COLLECTION: transferConfigs/<configId>/runs/<runId>
DOCUMENT: {
  runMetadata: { },
  totalRowCount: 779,
  failedRowCount: 0
}

To determine what the latest run is for a scheduled BigQuery query, read the metadata from the “latest” document in Firestore. Frontend applications using Firestore real-time listeners can subscribe to the “latest” document to listen for changes, in order to query and render the latest scheduled run results.

COLLECTION: transferConfigs/<configId>/runs/latest
DOCUMENT: {
  runMetadata: { },
  totalRowCount: 779,
  failedRowCount: 0,
  latestRunId: 648762e0-0000-28ef-9109-001a11446b2a
}

Underneath the covers, schedules are managed by BigQuery Transfer Configs using the Data Transfer Service. Once a scheduled BigQuery query completes, the extension will export the results back to a configurable Firestore collection. To facilitate the export, the extension creates a Pub/Sub trigger to capture notification events for BigQuery scheduled query (transfer run) completions and subsequently conduct a BigQuery to Firestore data export job using a Cloud Function.

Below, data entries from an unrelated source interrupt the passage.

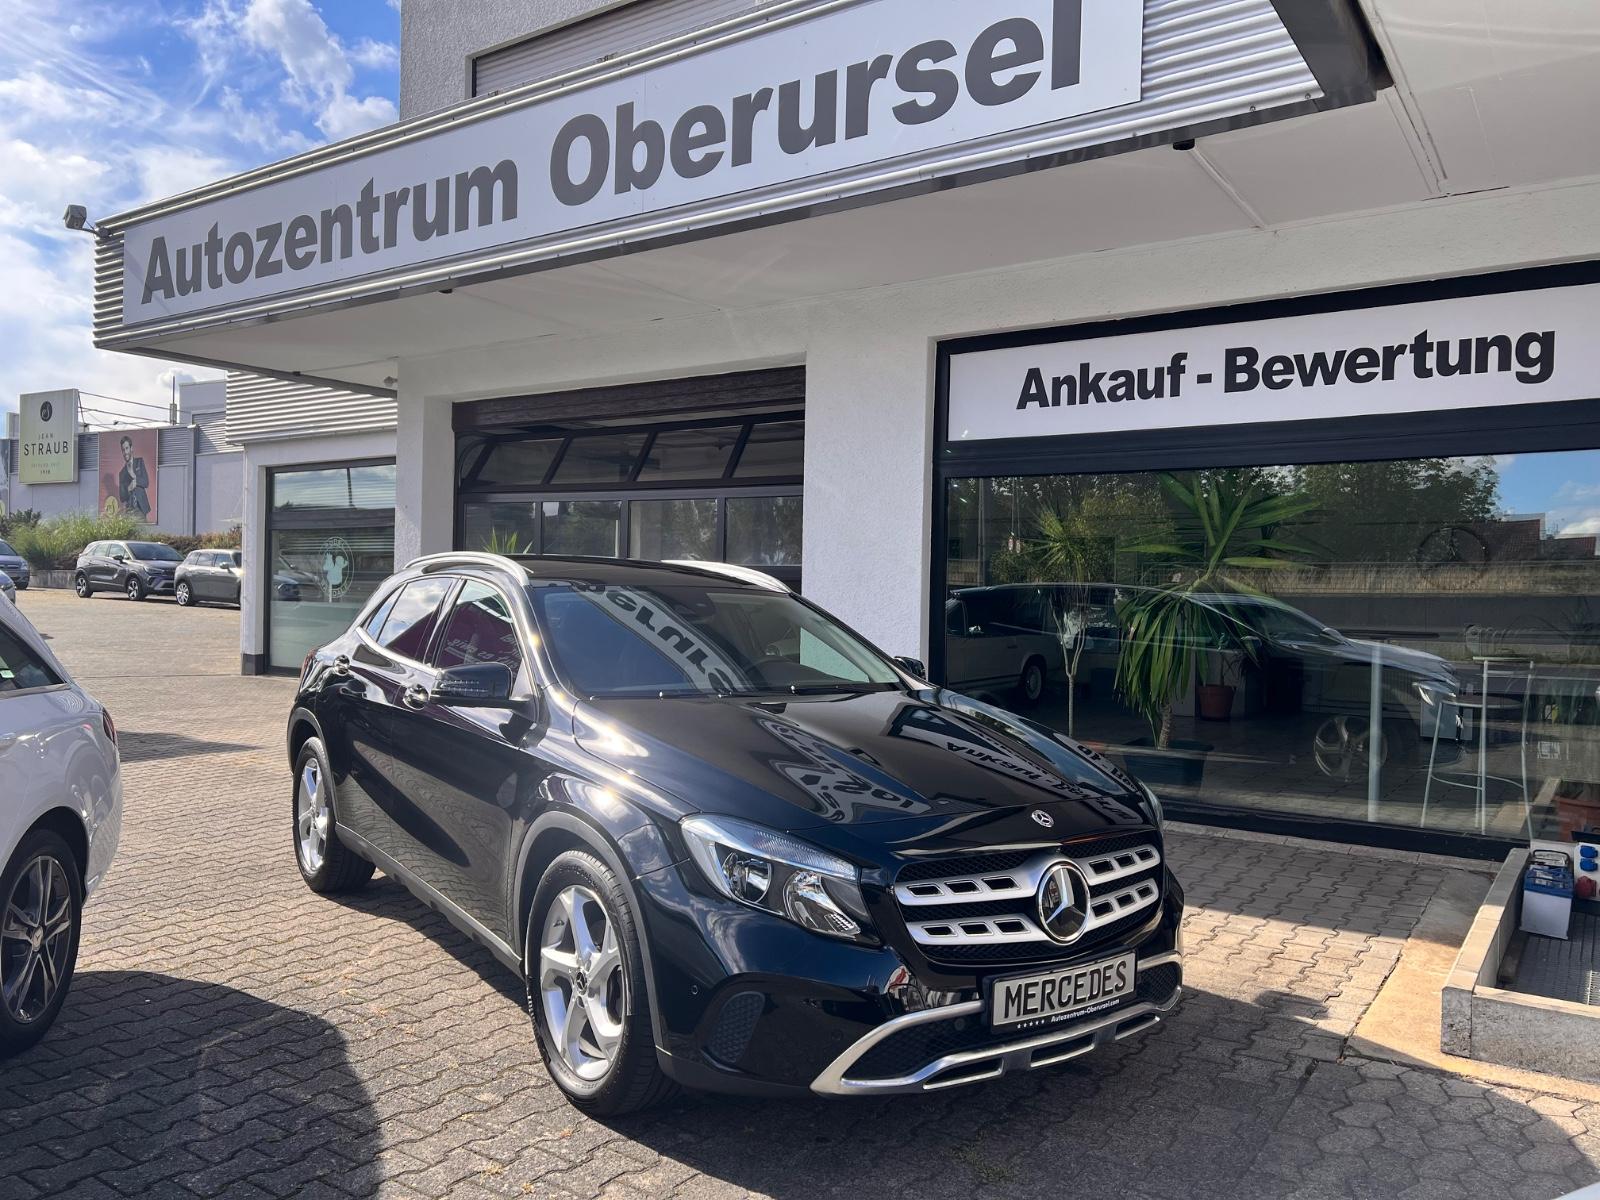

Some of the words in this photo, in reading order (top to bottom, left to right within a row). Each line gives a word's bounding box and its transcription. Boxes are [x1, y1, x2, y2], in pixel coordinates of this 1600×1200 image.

[141, 158, 518, 305] Autozentrum
[549, 0, 1081, 206] Oberursel
[1016, 352, 1187, 410] Ankauf
[1197, 374, 1212, 384] -
[1224, 329, 1556, 384] Bewertung
[24, 441, 69, 456] STRAUB
[1004, 960, 1127, 1018] MERCEDES
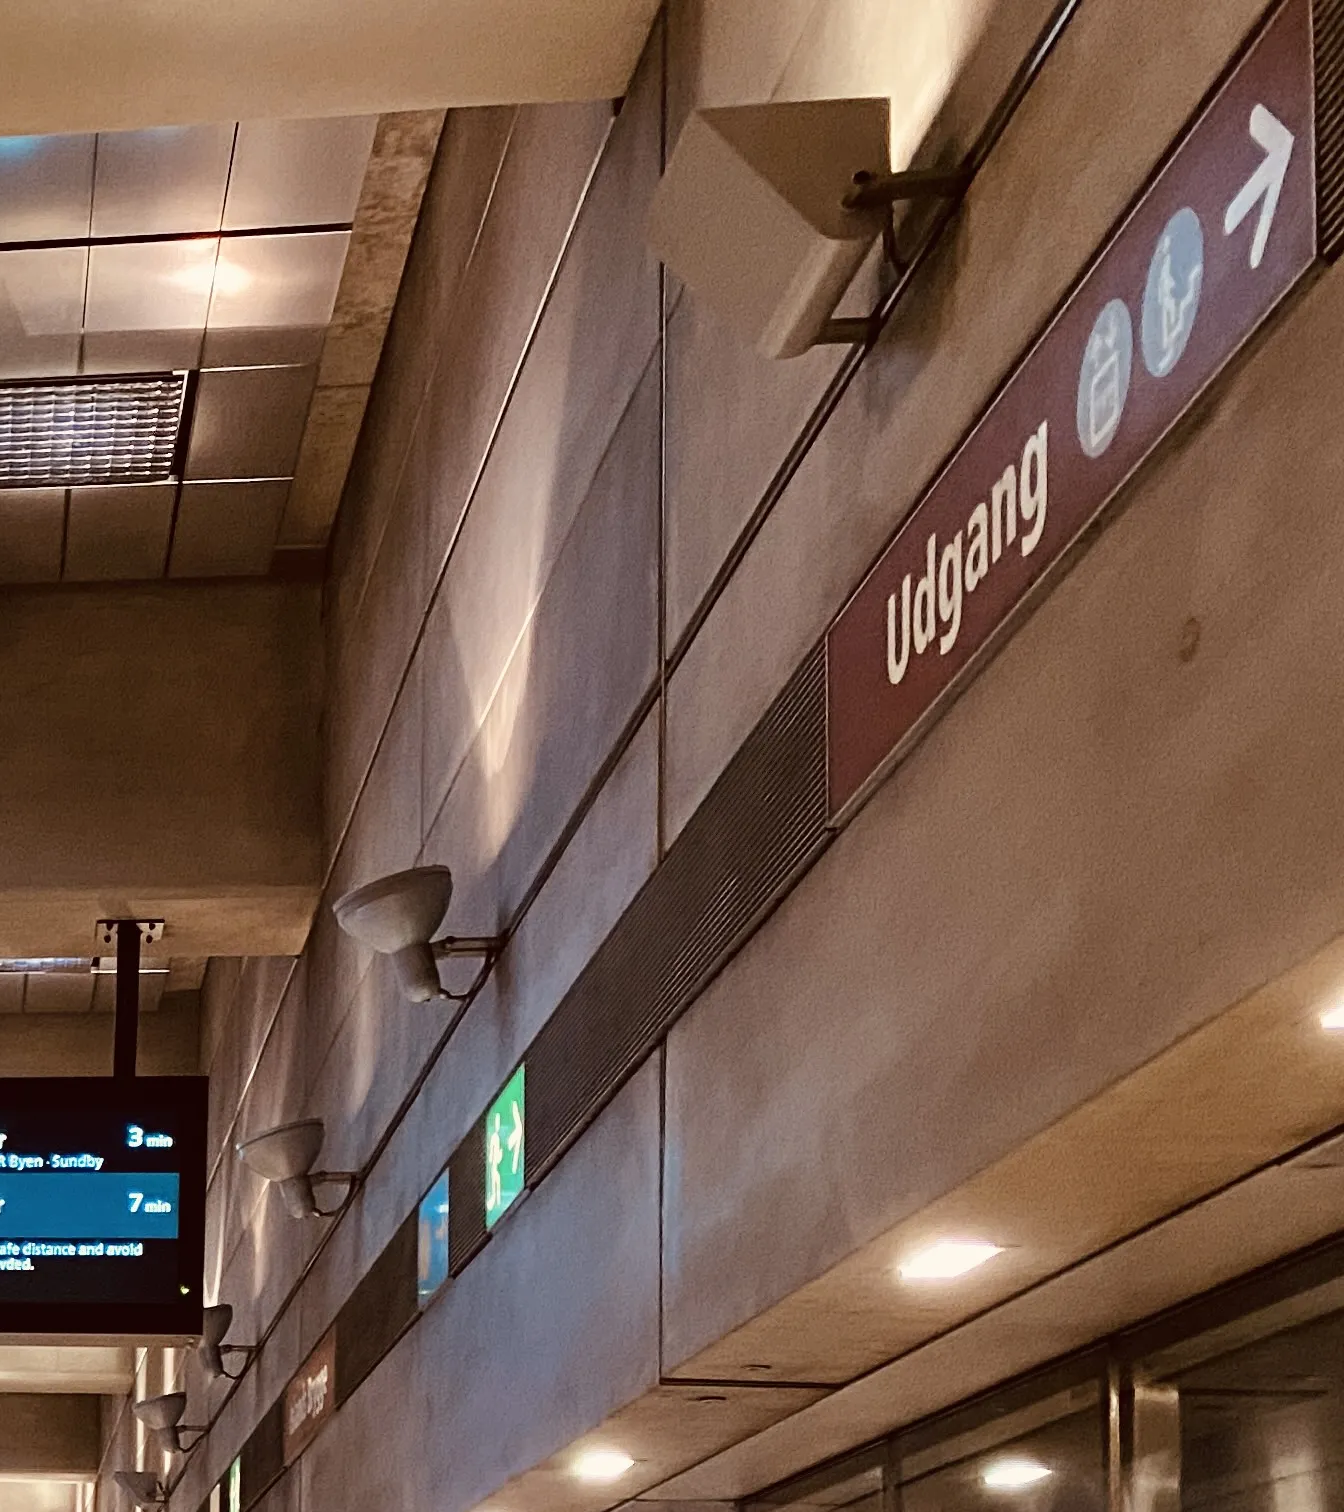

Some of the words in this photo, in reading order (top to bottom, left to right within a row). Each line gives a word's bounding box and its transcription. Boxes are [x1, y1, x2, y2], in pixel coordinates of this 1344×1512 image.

[887, 420, 1048, 684] Udgang
[127, 1126, 144, 1148] 3
[146, 1134, 173, 1148] min
[9, 1154, 43, 1171] Byen
[51, 1154, 104, 1171] Sundby
[128, 1192, 144, 1213] 7
[144, 1200, 172, 1213] min
[22, 1242, 76, 1256] distance
[78, 1243, 104, 1256] and
[106, 1243, 143, 1256] avoid

If you would like to specify multiple BigQuery queries at different intervals, you can create multiple instances of the extension.

Additional Setup

Make sure that you've set up a Cloud Firestore database in your Firebase project.

You will also need a BigQuery instance with a dataset that contains at least one table.

Billing

To install an extension, your project must be on the Blaze (pay as you go) plan.

You will be charged a small amount (typically around $0.01/month) for the Firebase resources required by this extension (even if it is not used).

This extension uses other Firebase and Google Cloud Platform services, which have associated charges if you exceed the service’s no-cost tier:

  • Cloud Pub/Sub
  • Cloud Firestore
  • BigQuery
  • Cloud Functions (See FAQs)

⚠️ Note: The extension does not automatically delete the BigQuery Transfer Config (scheduled query) when you uninstall the extension.

BigQuery charges by data processed, so your project will continue to incur costs until you manually delete the scheduled query. You can manage your scheduled queries directly in Cloud Console.

Configuration Parameters:

  • Cloud Functions location: Where do you want to deploy the functions created for this extension? You usually want a location close to your database. For help selecting a location, refer to the location selection guide.

  • BigQuery Dataset Location: What is the location of the BigQuery dataset referenced in the query?

  • Display Name: What display name would you like to use?

  • Dataset ID: What's the BigQuery destination dataset you'd like to use? Each transfer run will write to a table in this destination dataset.

  • Destination Table Name: What's the destination table name prefix you'd like to use? Each transfer run will write to the table with this name, postfixed with the runtime.

  • Query String: What's the BQ query you'd like to execute?

  • Partitioning Field: What's the partitioning field on the destination table ID? Leave empty if not using a partitioning field.

  • Schedule: What's the execution schedule you'd like to use for this query?

  • Pub Sub Topic: What's the Pub Sub topic to write messages to when the scheduled query finishes executing?

  • Firestore Collection: What's the top-level Firestore Collection to store transfer configs, run metadata, and query output?

Cloud Functions:

  • processMessages: undefined

  • upsertTransferConfig: Creates transfer config if doesn't exist yet.

APIs Used:

  • bigquery.googleapis.com (Reason: Running queries)

  • bigquerydatatransfer.googleapis.com (Reason: Scheduling data transfers)

Access Required:

This extension will operate with the following project IAM roles:

  • datastore.user (Reason: Allows this extension to access Cloud Firestore to write query results from BQ.)

  • bigquery.admin (Reason: Allows this extension to create transfer configs in BQ, and query BQ destination tables.)

  • pubsub.admin (Reason: Allows DTS to grant DTS service account permission to send notifications to Pub/Sub topic)